GEC Counter-Disinformation Dispatches #7

November 10, 2020

Building an International Disinformation Network

Dmitry Kiselyov, the director general of Rossiya Segodnya news agency, and Shen Haixiong, president of the China Media Group, sign an international strategic cooperation agreement, witnessed by Russian President Vladimir Putin and Chinese President Xi Jinping in Vladivostok, Russia in September 2018

Since late 2014, Russian authorities have signed dozens of content sharing agreements between Russian-state-controlled media outlets such as RT and Sputnik and media outlets in other countries, including China, India, Iran, Indonesia, and many others.  Similarly, China runs a broad range of media forums, journalist exchanges and content sharing agreements with countries around the world.  

(Image: Dmitry Kiselyov, the director general of Rossiya Segodnya news agency, and Shen Haixiong, president of the China Media Group, sign an international strategic cooperation agreement, witnessed by Russian President Vladimir Putin and Chinese President Xi Jinping in Vladivostok, Russia in September 2018.  (credit: China Global Television Network)
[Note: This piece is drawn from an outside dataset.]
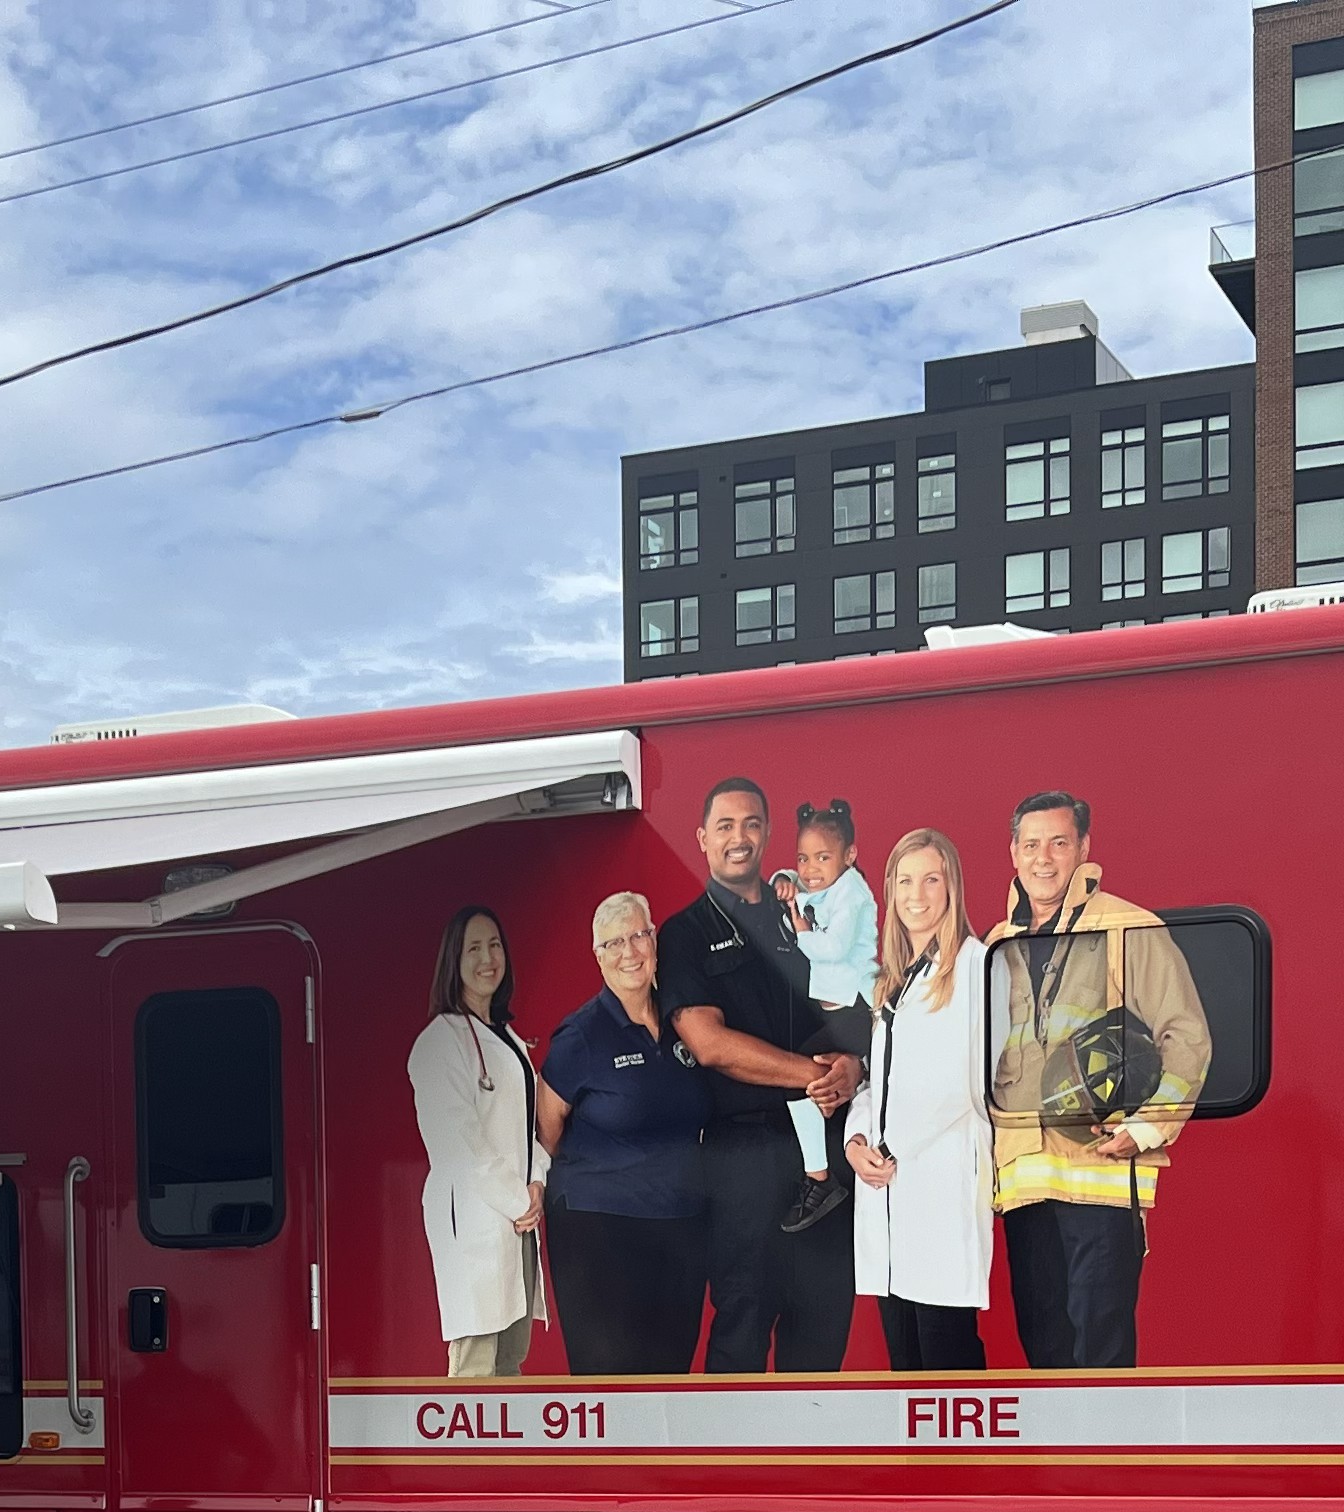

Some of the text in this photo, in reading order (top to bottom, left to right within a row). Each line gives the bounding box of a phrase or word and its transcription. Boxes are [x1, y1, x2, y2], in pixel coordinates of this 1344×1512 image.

“China and Russia have elevated their ties to a comprehensive strategic partnership of coordination for a new era, opening a new epoch of relations,” said Xu Lin, deputy head of the Publicity Department of the Chinese Communist Party (CCP) Central Committee and director of China’s State Council Information Office.  Xu was speaking at the fifth annual China-Russia Media Forum, held in Vladivostok, Russia in September 2019.
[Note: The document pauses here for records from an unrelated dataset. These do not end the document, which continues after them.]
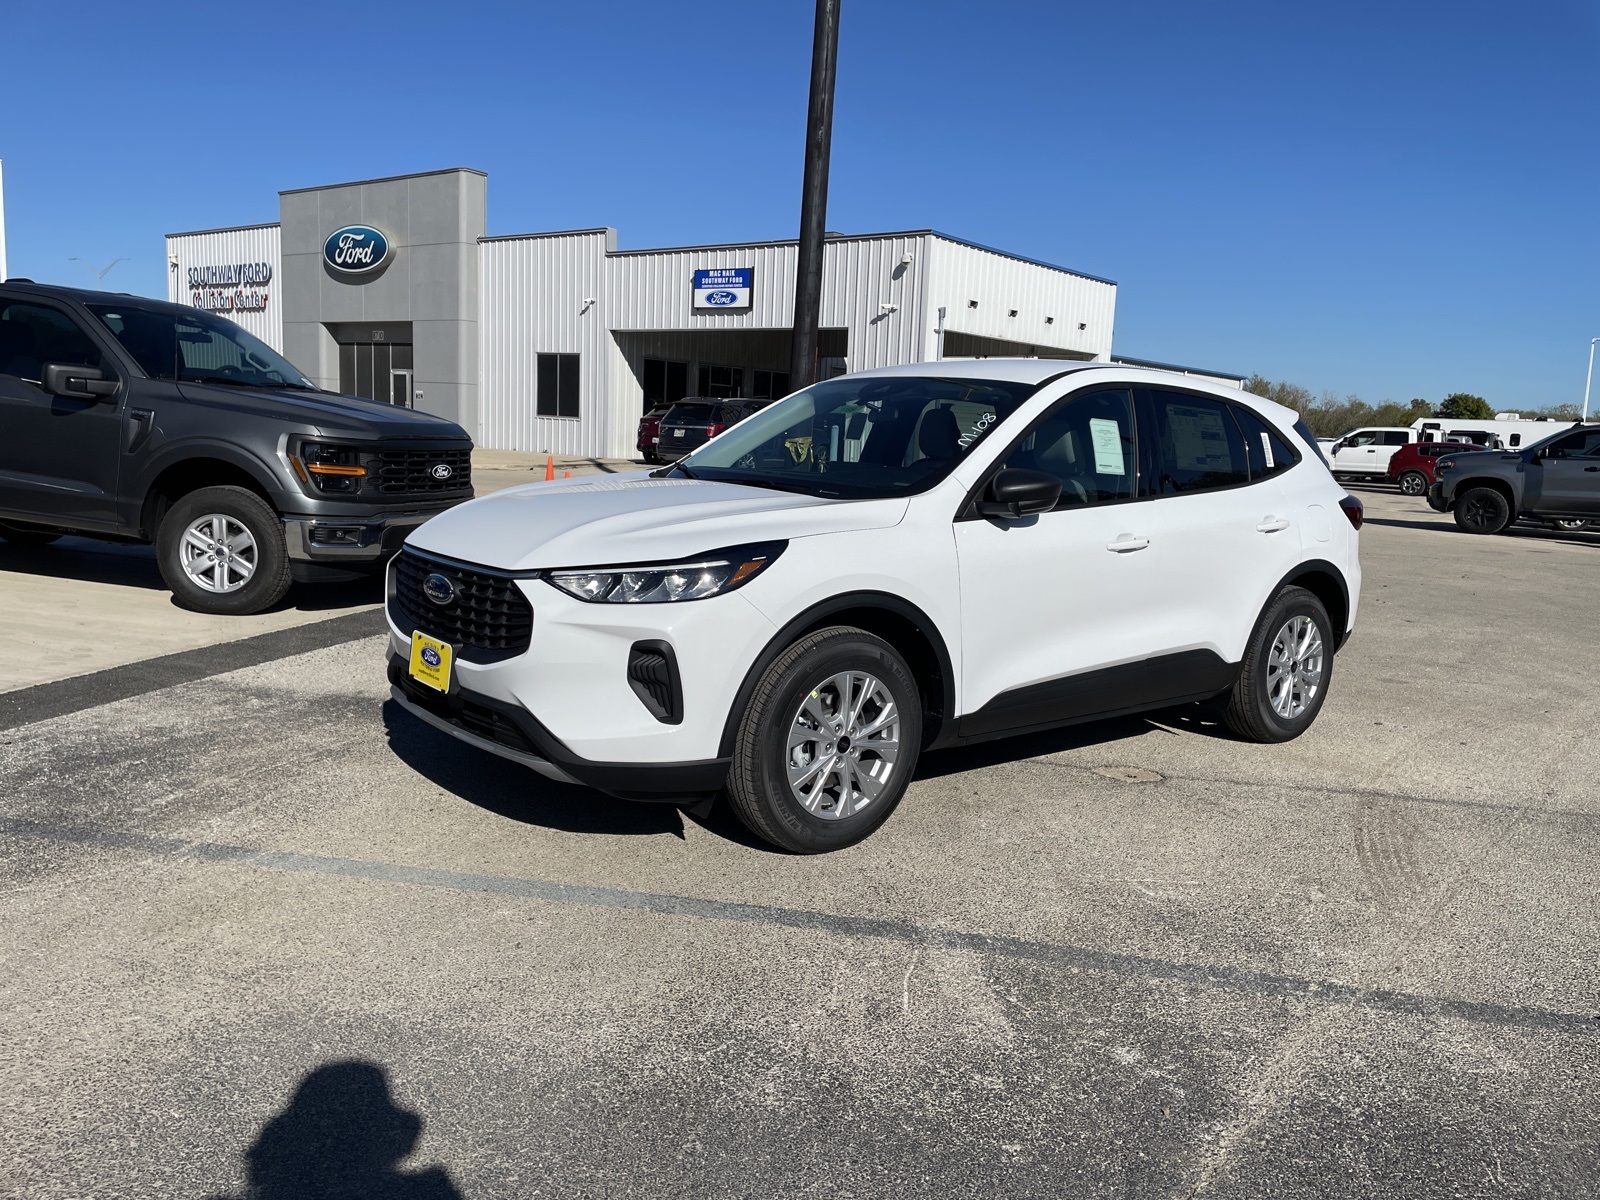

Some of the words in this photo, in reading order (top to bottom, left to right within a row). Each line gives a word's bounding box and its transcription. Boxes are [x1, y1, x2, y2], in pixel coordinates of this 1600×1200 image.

[335, 233, 375, 264] Ford
[188, 264, 240, 285] SOUTHWAY
[242, 261, 269, 283] FORD
[192, 289, 231, 310] Collision
[233, 289, 266, 308] Center
[711, 292, 732, 304] Ford
While the public content sharing agreements are visible to all, this Dispatch examines a more covert type of media cooperation pursued by Russia and China since the early 2010s, well hidden from the public.  It draws heavily on the GEC’s recent Special Report Pillars of Russia’s Disinformation and Propaganda Ecosystem.

 

The Strategic Culture Foundation

Photo of the headquarters of the Russian Foreign intelligence Service (SVR) outside Moscow

In 2010, Russia began building a global disinformation website network, using the Strategic Culture Foundation (SCF), which is ostensibly independent but actually "directed" by the Russian foreign intelligence service, the SVR.  (Image: SVR headquarters outside of Moscow)

The SCF formed explicit partnerships with Global Research, a Canadian website that carries conspiracy theorist and anti-American allegations, and The 4th Media, an obscure Chinese website with a minimal following that claimed to be “an independent media organization based in Beijing.” 

As discussed in GEC Counter-Disinformation Dispatches #6, the Strategic Culture Foundation online journal began to appear in English in September 2010.  On its homepage, it listed as its “partners:”

  • Global Research
  • Eurasia: Rivista di Studi Geopolitici, an Italian quarterly journal
  • International Affairs, the journal of the Russian Ministry of Foreign Affairs.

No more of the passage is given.